No Hope for Survival (NHS for short)

Several years ago I had to discharge myself from an NHS hospital after three days of receiving no visit from anyone who could diagnose my excruciating gall stones. By the time I escaped and got to a private consultant my gall bladder had become gangrenous. Another day or two in the tender care of the NHS and I would have been dead.

This monstrous Leviathan did its level best to kill me and, even though it failed, it can’t be faulted for effort. Apparently the NHS is doing much better in thousands of other cases. Mid Staffordshire NHS Trust alone is responsible for killing 1,200 patients between 2005 and 2009, which is pretty good going for just one part of one of the UK’s 86 counties.

Desperately ill people were left in soiled sheets, unwashed, thirsty and hungry. Listing the causes of death, most sources cite such neglect, but few mention MRSA and other hospital-acquired infections – or indeed the waiting lists that must have killed many people before they even got into those murderous fleapits. Neglect and infections are often connected, though not necessarily so. My mother-in-law, for example, was neither thirsty nor hungry in her Devon hospital, but MRSA got to her anyway.

The papers are full of indignant commentary on our murderous health service, and all sorts of measures are being proposed. Sending doctors and nurses to prison for dereliction of duty is among the more radical ideas, while most others deal with removing this or that glitch.

Commentators coming out of the left political field feel that pumping more money into the NHS will turn it into a model the rest of Europe will want to follow (so far no other country has). Those more conservatively minded talk about reducing administrative staffs and building up frontline services.

No intrepid soul has come up with the only true explanation for the disgraceful state of our medical care. Which is that the NHS is so rotten because it’s based on a rotten idea.

There is a good reason this obvious fact has been overlooked, and a shortage of intelligent commentators isn’t it. It’s just that the British have been brainwashed to look upon the NHS not as a mere expediency, a purely practical way of administering medical care, but as a cult.

For even an intelligent Brit to suggest that the NHS is fundamentally flawed is akin to a Muslim saying that there is a God other than Allah and Mohammed isn’t his prophet. One may question the shaman but not the bull’s head sitting atop the totem pole.
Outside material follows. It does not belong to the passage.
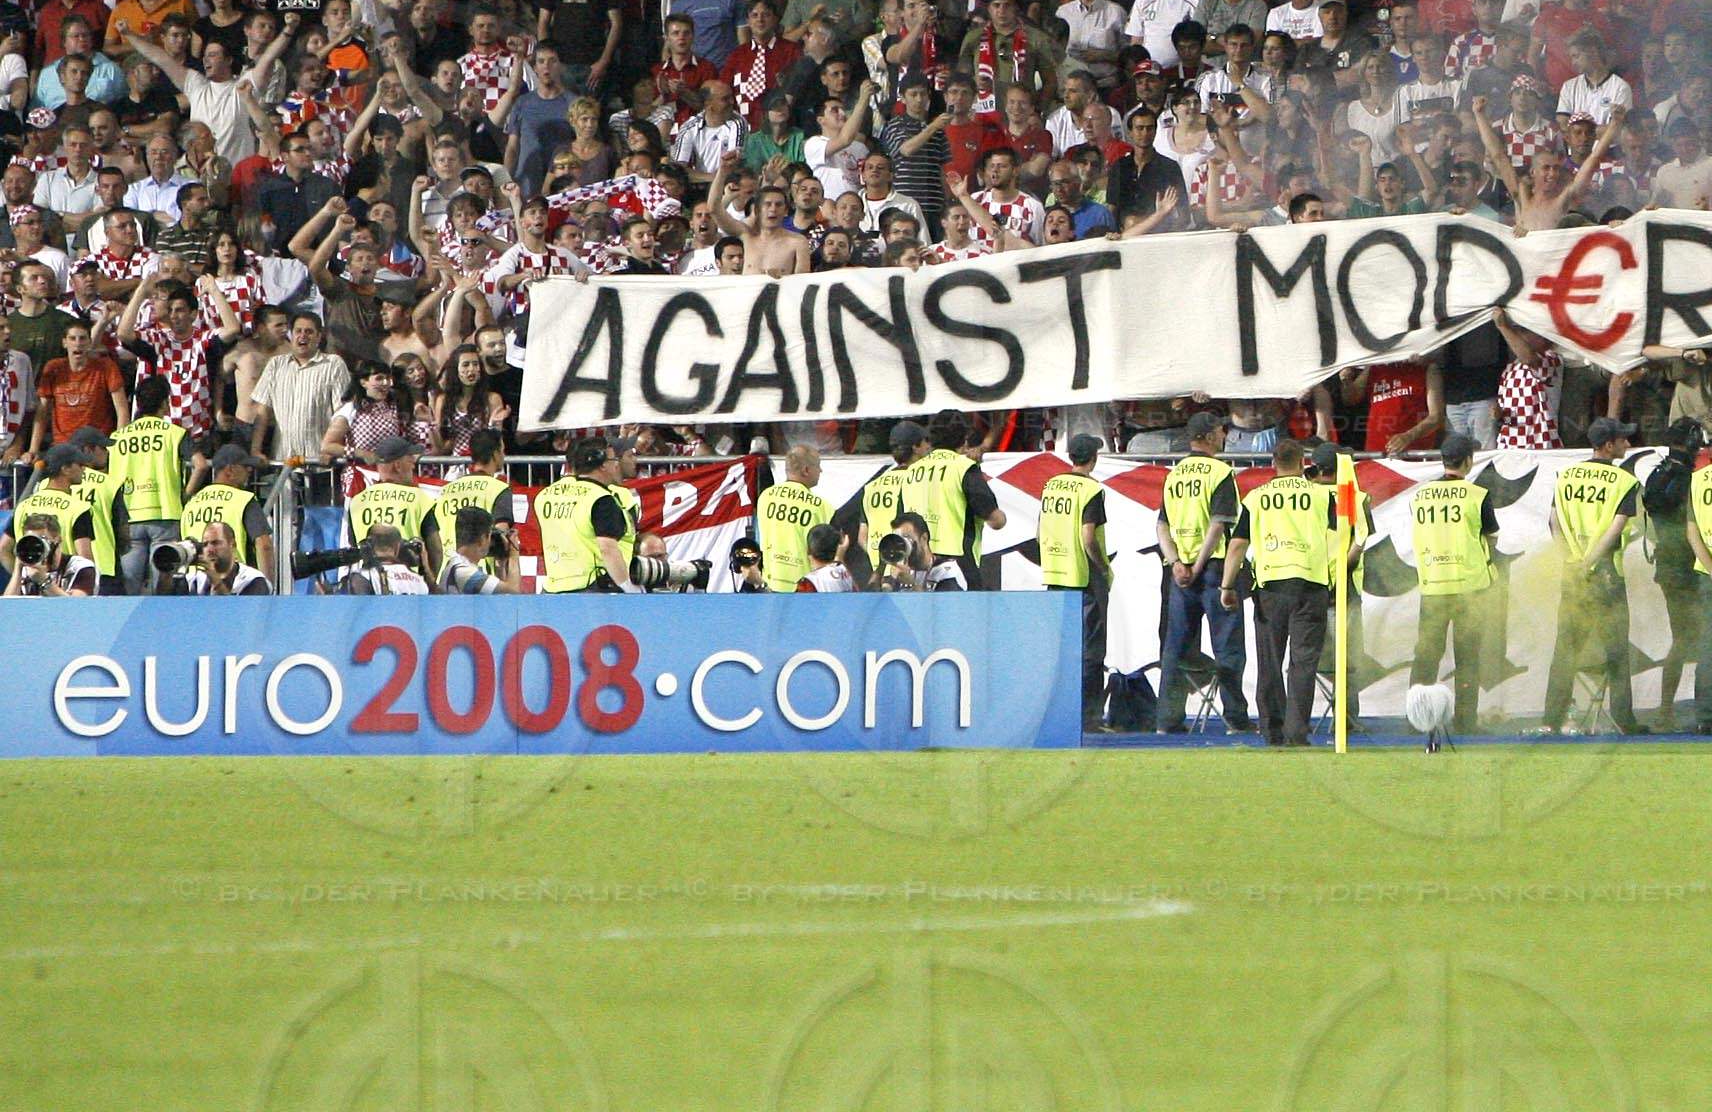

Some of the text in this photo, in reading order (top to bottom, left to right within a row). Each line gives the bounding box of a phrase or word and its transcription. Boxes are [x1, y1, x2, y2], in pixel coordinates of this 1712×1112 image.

Such inordinate worship is wrong even in theory, for no administrative setup, or for that matter no man-made institution, ought to be held as sacrosanct. People are fallible, indeed fallen, which is why we aren’t blessed with perfect institutions in this world. And imperfect ones should be open to criticism, including the kind that raises doubts about their raison d’être.

The false, destructive idea on which the NHS is based goes by the name of equality. As with all modern ideas springing from such an ideological bias, when put into practice they achieve the exact opposite of their declared aim.

‘Equality’ in education means, for all intents and purposes, no education. Equality in university admissions means degrading higher learning. ‘Gender’ and race equality at work means denying employment to the most qualified candidates and thereby damaging the economy. And equality in medical care means, well, Mid Staffordshire NHS Trust.

It ought to be clear by now that no giant government undertaking can possibly succeed in anything other than shifting more money, and therefore power, the way of the state. No modern country can afford a fully nationalised medicine – not the kind of medicine that can keep up with the advances in diagnostic technology and pharmacology, not to mention a rapidly aging population.

No other European country even tries – they have all put into effect a combined system involving tax incentives, private insurance and some state involvement. As a result, they all boast much better standards of medical care than our dear NHS can even dream about – and the gap is growing wider. Yet the NHS is already the biggest employer in Europe, so what’s the plan? Make it the only one?

Like most socialist projects, the NHS is based on a lie, in this instance that medical care is free. In fact the 12 percent of our income we shell out for National Insurance Tax makes the NHS one of the most expensive systems of medical care in the world.

True enough, you go to hospital now and pay later, through your taxes. But free at the point of purchase doesn’t mean free – this impression is illusory and therefore wrong. What is undeniably true is that, if we discount the postcode lottery, the NHS provides equal care for everyone – which in essence means rotten care for all.

Socialism in general, and all its offshoots, including the NHS, is indeed about universal equality, but only of those who don’t belong to the ruling elite. It’s in fact the most self-serving of all methods of government. That’s why we shouldn’t be surprised that the administrative staff of the NHS, along with various government agencies responsible for medicine, is growing in inverse proportion to the diminishing size of frontline medical personnel.

All those directors of diversity, optimisers of facilitation and facilitators of optimisation perform the core function of the NHS – increasing the power of the state over the individual. When all those expensive doctors, nurses and hospital beds get in the way, they’re brushed aside – in essence, they’re superfluous.

Do our MPs know this? One suspects many, perhaps most, do. But if the bill to do away with the NHS were to come up for ballot, it would be defeated well-nigh unanimously – this regardless of how persuasive and well-supported the argument in favour would be.

One may get away even with voting against one’s own party. But one votes against secular gods at one’s peril.